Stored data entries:

# # #

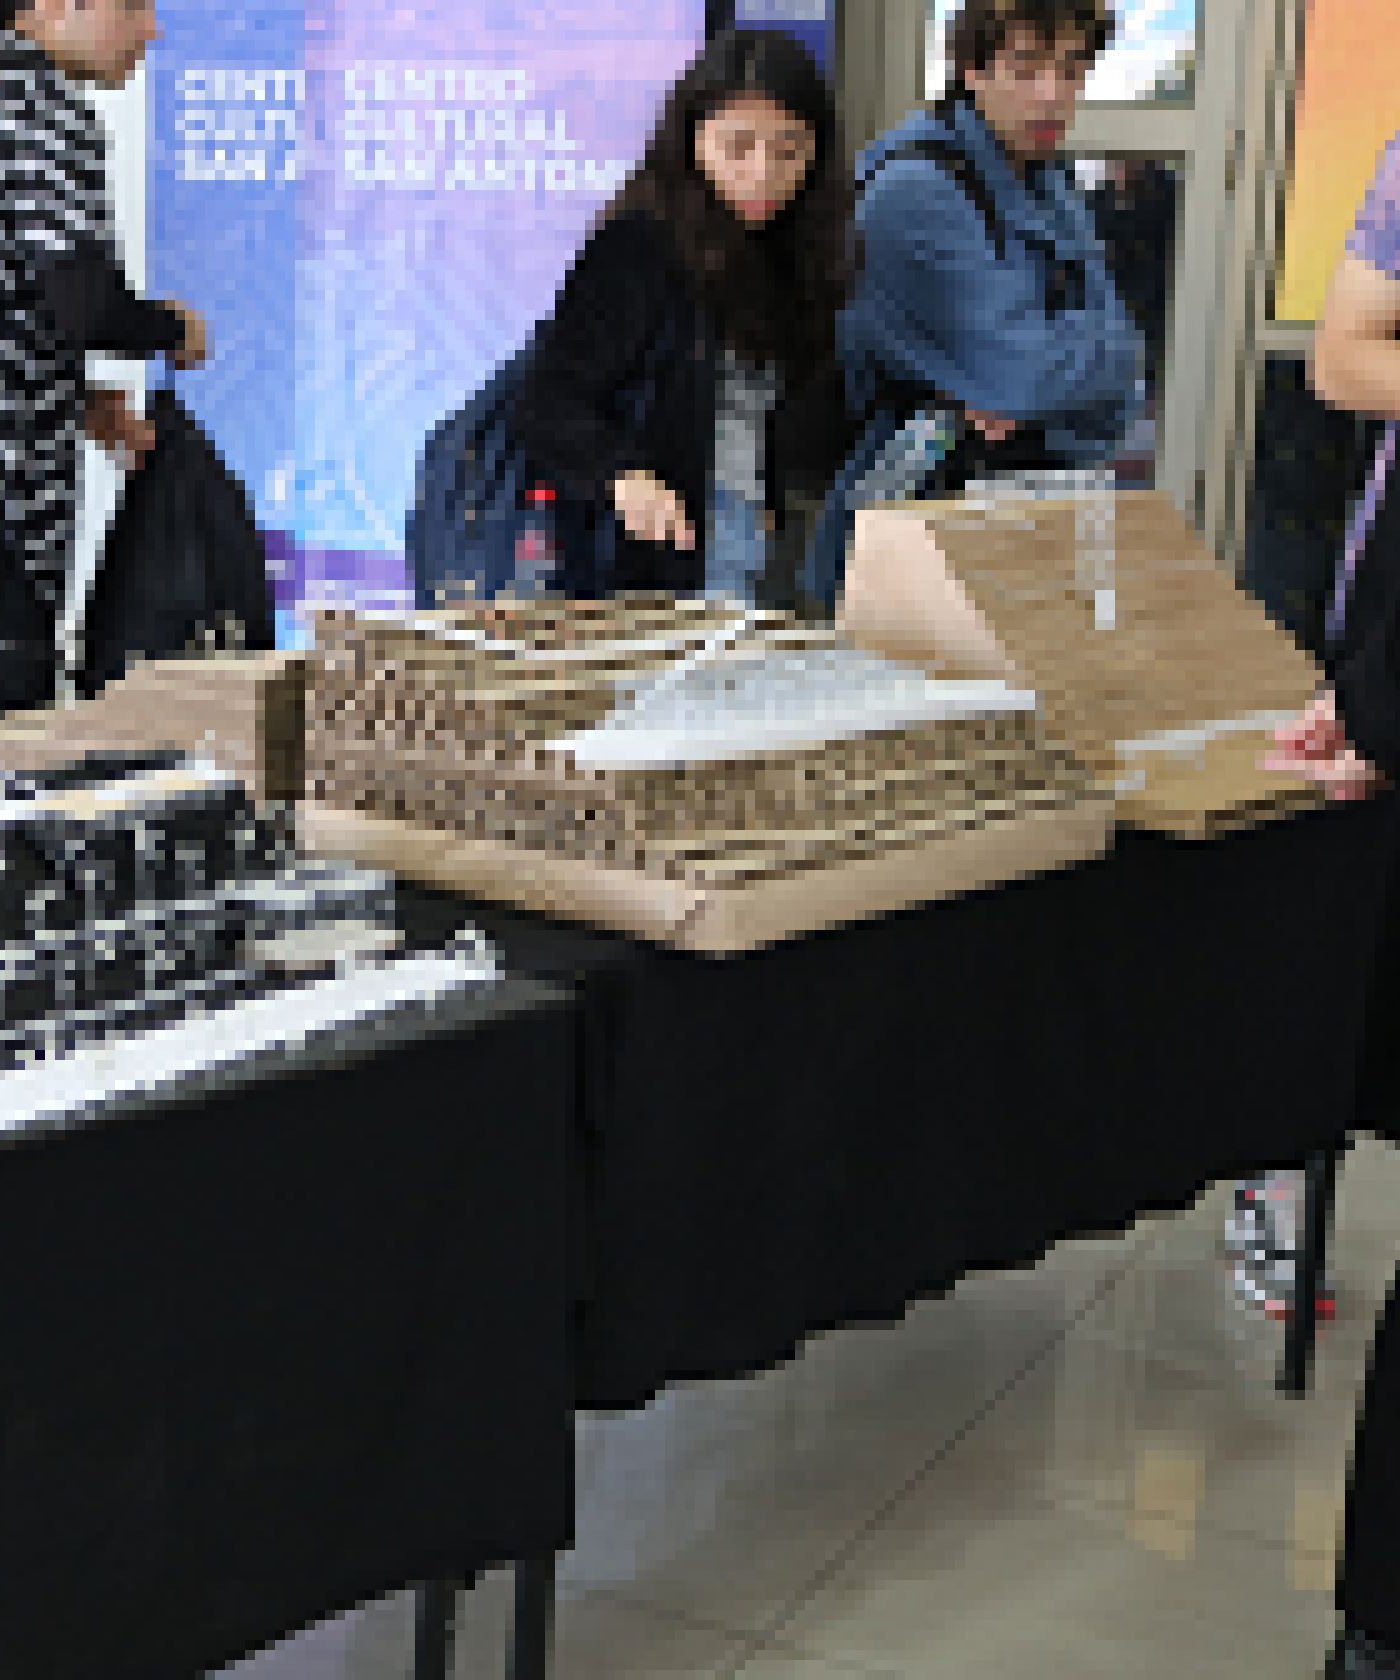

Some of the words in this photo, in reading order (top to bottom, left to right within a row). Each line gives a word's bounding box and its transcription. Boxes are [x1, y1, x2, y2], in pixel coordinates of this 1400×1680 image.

[175, 69, 303, 101] CENT
[340, 67, 532, 101] CENTRO
[175, 109, 303, 140] CULT
[340, 109, 582, 149] CULTURAL
[177, 149, 270, 181] SAN
[340, 151, 436, 188] SAN
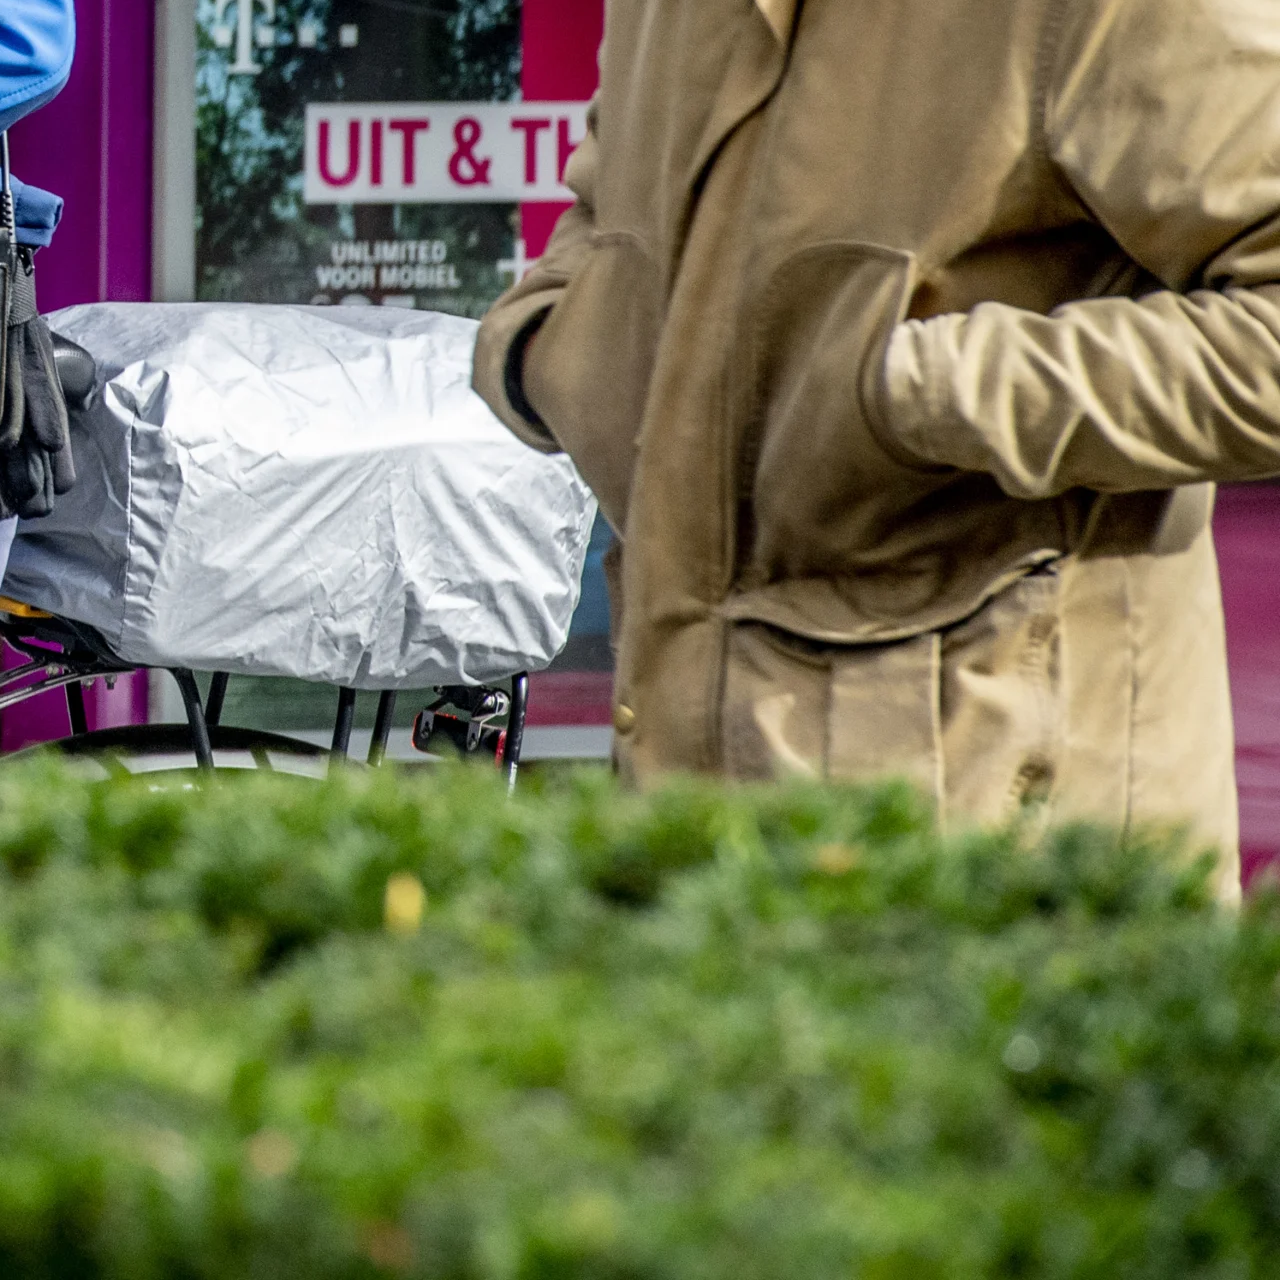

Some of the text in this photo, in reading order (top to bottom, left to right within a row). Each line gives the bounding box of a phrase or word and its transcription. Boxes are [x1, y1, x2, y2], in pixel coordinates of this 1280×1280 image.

[317, 118, 429, 188] UIT
[447, 116, 491, 186] &
[330, 239, 447, 264] UNLIMITED
[315, 264, 462, 289] VOOR MOBIEL
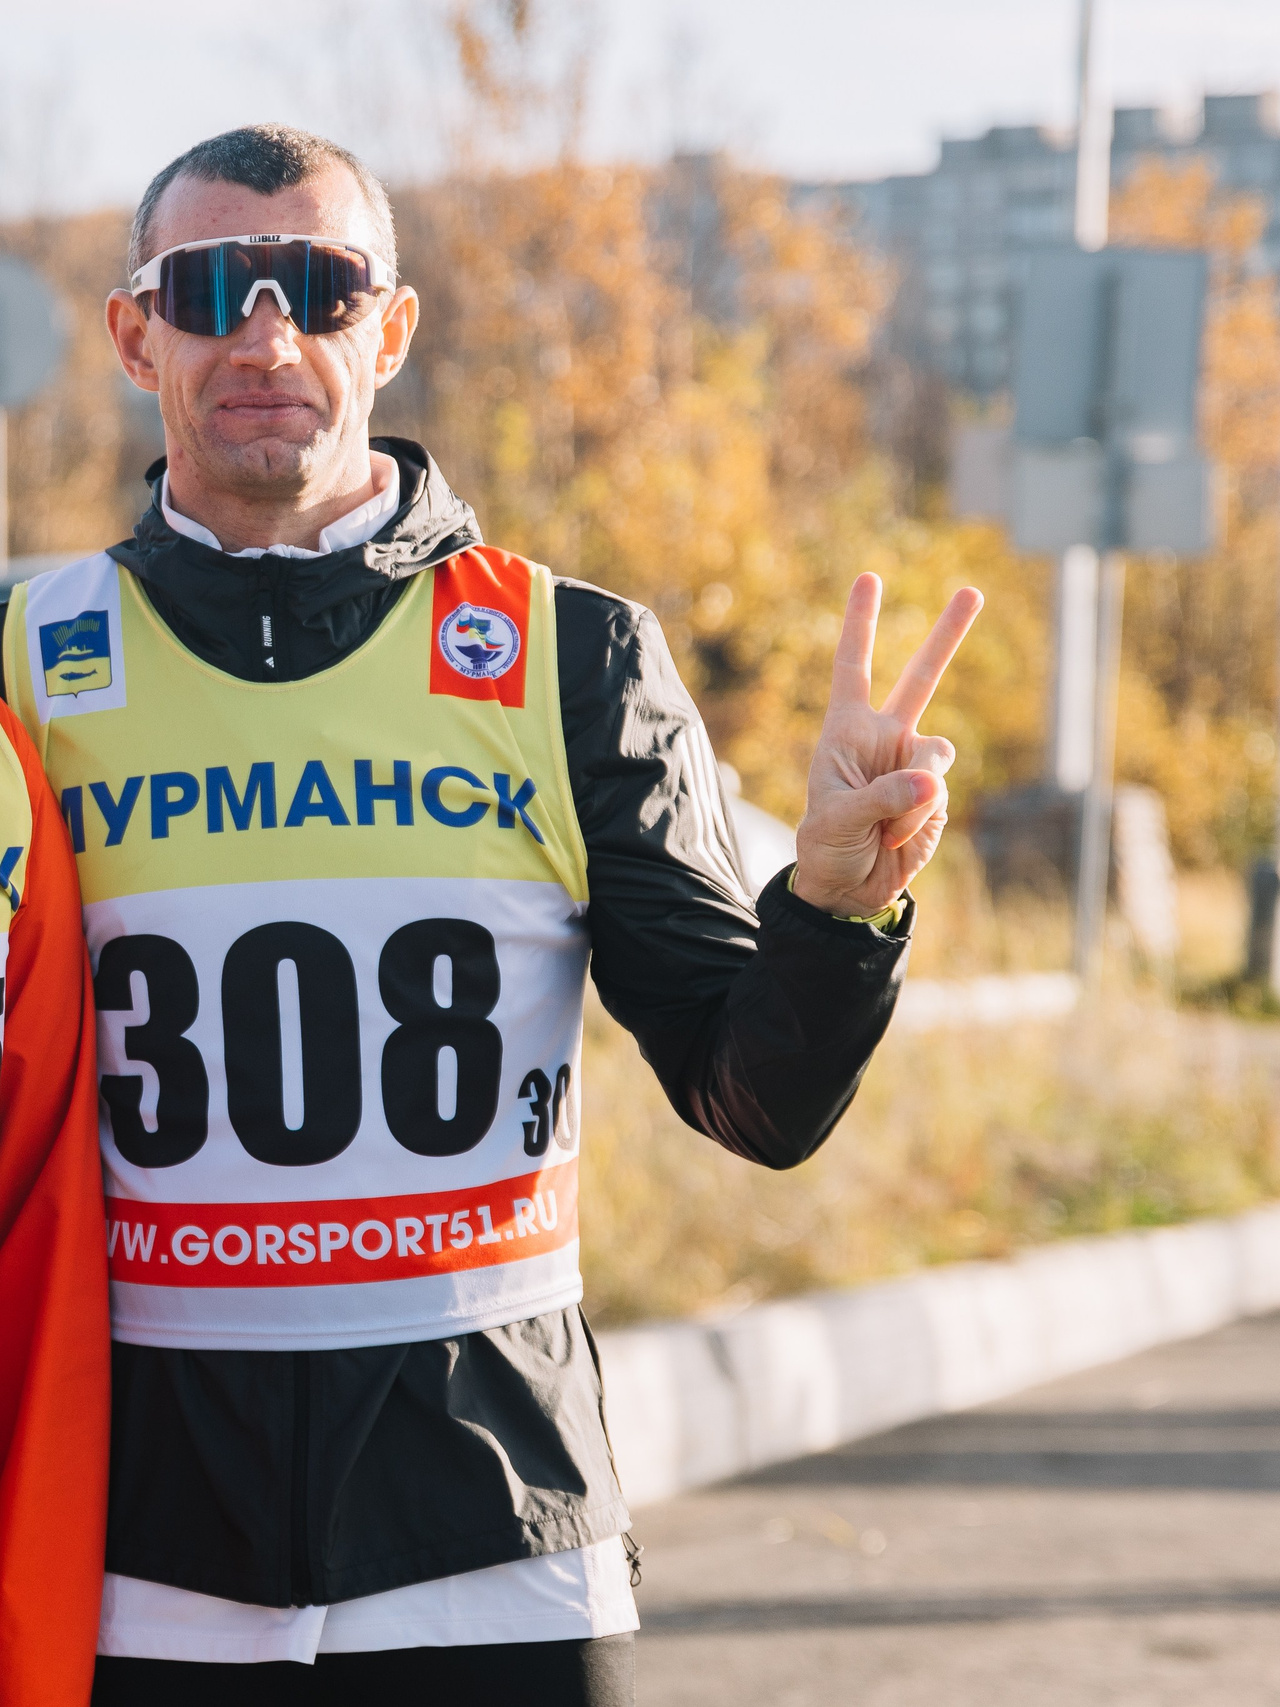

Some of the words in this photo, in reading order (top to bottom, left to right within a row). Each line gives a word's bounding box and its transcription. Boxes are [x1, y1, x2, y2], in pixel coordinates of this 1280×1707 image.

[261, 235, 282, 243] BLIZ
[262, 615, 273, 648] RUNNING
[94, 917, 503, 1168] 308
[517, 1062, 578, 1158] 30
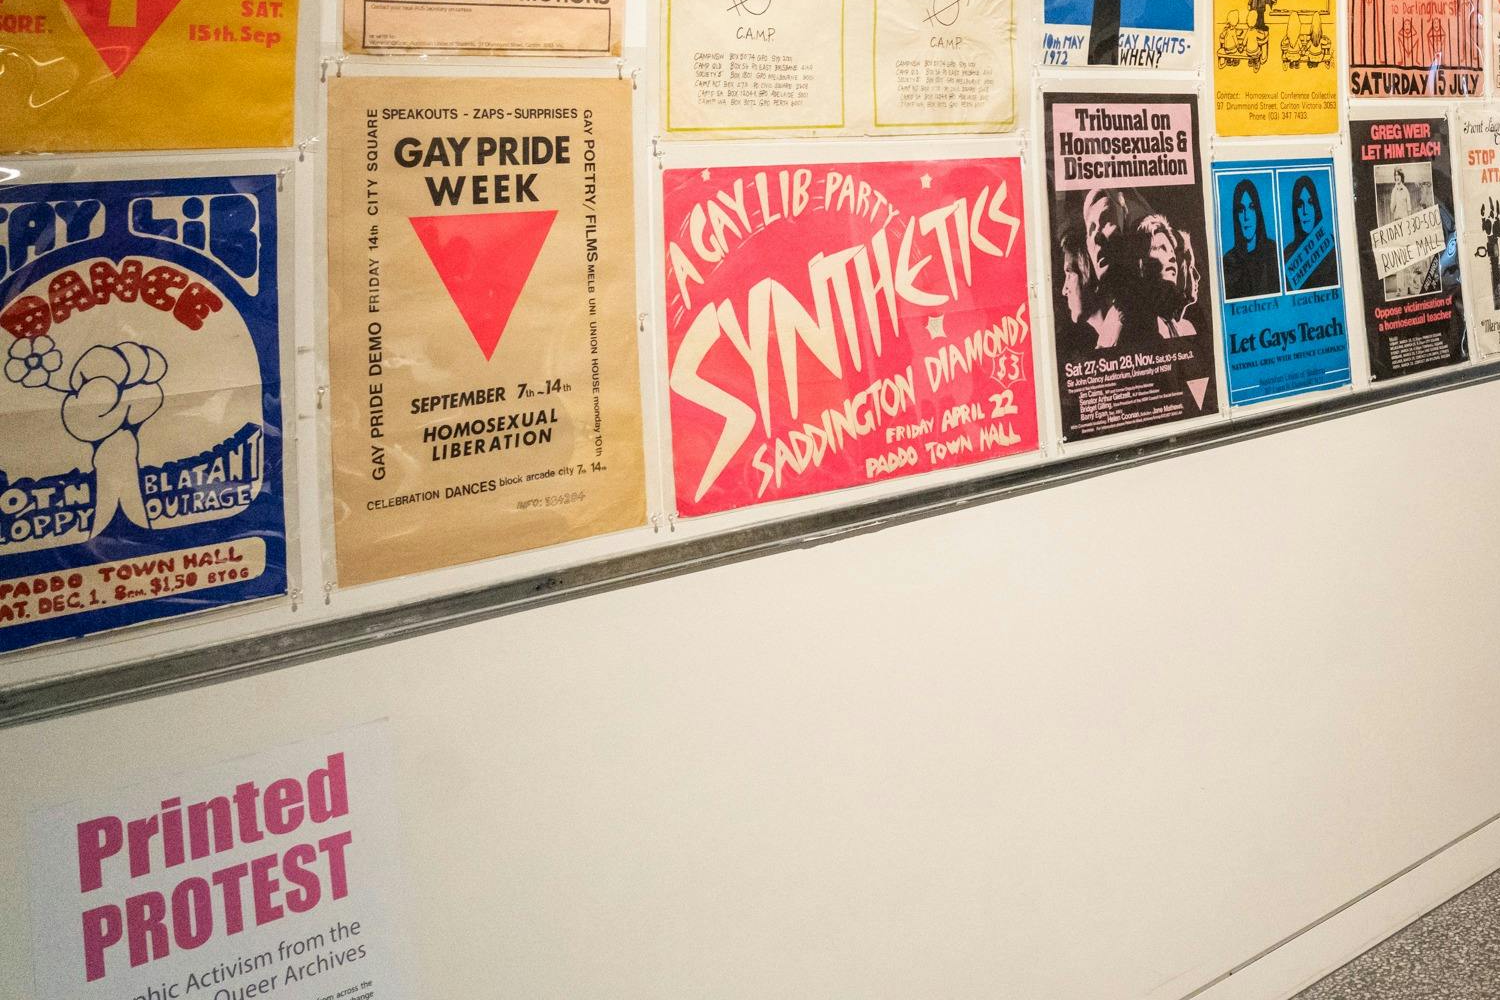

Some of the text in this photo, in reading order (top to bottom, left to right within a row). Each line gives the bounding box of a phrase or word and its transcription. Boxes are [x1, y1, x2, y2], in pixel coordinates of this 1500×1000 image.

[1351, 71, 1428, 96] SATURDAY
[1449, 73, 1479, 95] JULY
[382, 107, 458, 120] SPEAKOUTS
[1075, 108, 1171, 132] Tribunal on
[1371, 122, 1430, 139] GREG WEIR
[394, 135, 571, 168] GAY PRIDE
[1060, 131, 1187, 156] Homosexuals &
[1361, 142, 1440, 160] LET HIM TEACH
[1468, 149, 1496, 166] STOP
[1064, 155, 1188, 180] Discrimination
[424, 173, 540, 207] WEEK
[669, 168, 900, 310] A GAY LIB PARTY
[2, 260, 224, 340] DANCE
[669, 180, 1021, 504] SYNTHETICS
[1230, 317, 1343, 354] Let Gays Teach
[410, 386, 506, 414] SEPTEMBER
[752, 303, 1029, 499] SADDINGTON DIAMONDS
[423, 408, 558, 443] HOMOSEXUAL
[144, 428, 263, 493] BLATANT
[431, 428, 553, 462] LIBERATION
[146, 484, 251, 521] OUTRAGE
[366, 467, 574, 511] CELEBRATION DANCES block arcade city
[76, 751, 349, 893] Printed
[82, 830, 352, 982] PROTEST
[185, 920, 361, 994] Activism from the
[213, 944, 367, 1000] Queer Archives

# # #

§ ACTIVITY
Reproduce all of the data exactly; the pictures do not belong in the copy.

§ EXPECTED ANSWER
Some of the words in this photo, in reading order (top to bottom, left to right within a row). Each line gives a word's bounding box and its transcription. Boxes are [x1, y1, x2, y2], in pixel coordinates of this 1400×1680 image.

[175, 69, 303, 101] CENT
[340, 67, 532, 101] CENTRO
[175, 109, 303, 140] CULT
[340, 109, 582, 149] CULTURAL
[177, 149, 270, 181] SAN
[340, 151, 436, 188] SAN

Some of the text in this photo, in reading order (top to bottom, left to right within a row). Each line gives the bounding box of a phrase or word and its transcription. Boxes are [x1, y1, x2, y2], in pixel coordinates of this 1280×1280 image.

[317, 118, 429, 188] UIT
[447, 116, 491, 186] &
[330, 239, 447, 264] UNLIMITED
[315, 264, 462, 289] VOOR MOBIEL

Some of the words in this photo, in reading order (top to bottom, left to right within a row). Each line gives a word's bounding box and its transcription. Boxes are [x1, y1, x2, y2], in pixel coordinates of this 1280×1707 image.

[261, 235, 282, 243] BLIZ
[262, 615, 273, 648] RUNNING
[94, 917, 503, 1168] 308
[517, 1062, 578, 1158] 30

Some of the text in this photo, in reading order (top to bottom, left to right within a row). Each line gives the bounding box of a phrase or word and its transcription. Boxes are [x1, y1, x2, y2], in pixel coordinates of this 1500×1000 image.

[1351, 71, 1428, 96] SATURDAY
[1449, 73, 1479, 95] JULY
[382, 107, 458, 120] SPEAKOUTS
[1075, 108, 1171, 132] Tribunal on
[1371, 122, 1430, 139] GREG WEIR
[394, 135, 571, 168] GAY PRIDE
[1060, 131, 1187, 156] Homosexuals &
[1361, 142, 1440, 160] LET HIM TEACH
[1468, 149, 1496, 166] STOP
[1064, 155, 1188, 180] Discrimination
[424, 173, 540, 207] WEEK
[669, 168, 900, 310] A GAY LIB PARTY
[2, 260, 224, 340] DANCE
[669, 180, 1021, 504] SYNTHETICS
[1230, 317, 1343, 354] Let Gays Teach
[410, 386, 506, 414] SEPTEMBER
[752, 303, 1029, 499] SADDINGTON DIAMONDS
[423, 408, 558, 443] HOMOSEXUAL
[144, 428, 263, 493] BLATANT
[431, 428, 553, 462] LIBERATION
[146, 484, 251, 521] OUTRAGE
[366, 467, 574, 511] CELEBRATION DANCES block arcade city
[76, 751, 349, 893] Printed
[82, 830, 352, 982] PROTEST
[185, 920, 361, 994] Activism from the
[213, 944, 367, 1000] Queer Archives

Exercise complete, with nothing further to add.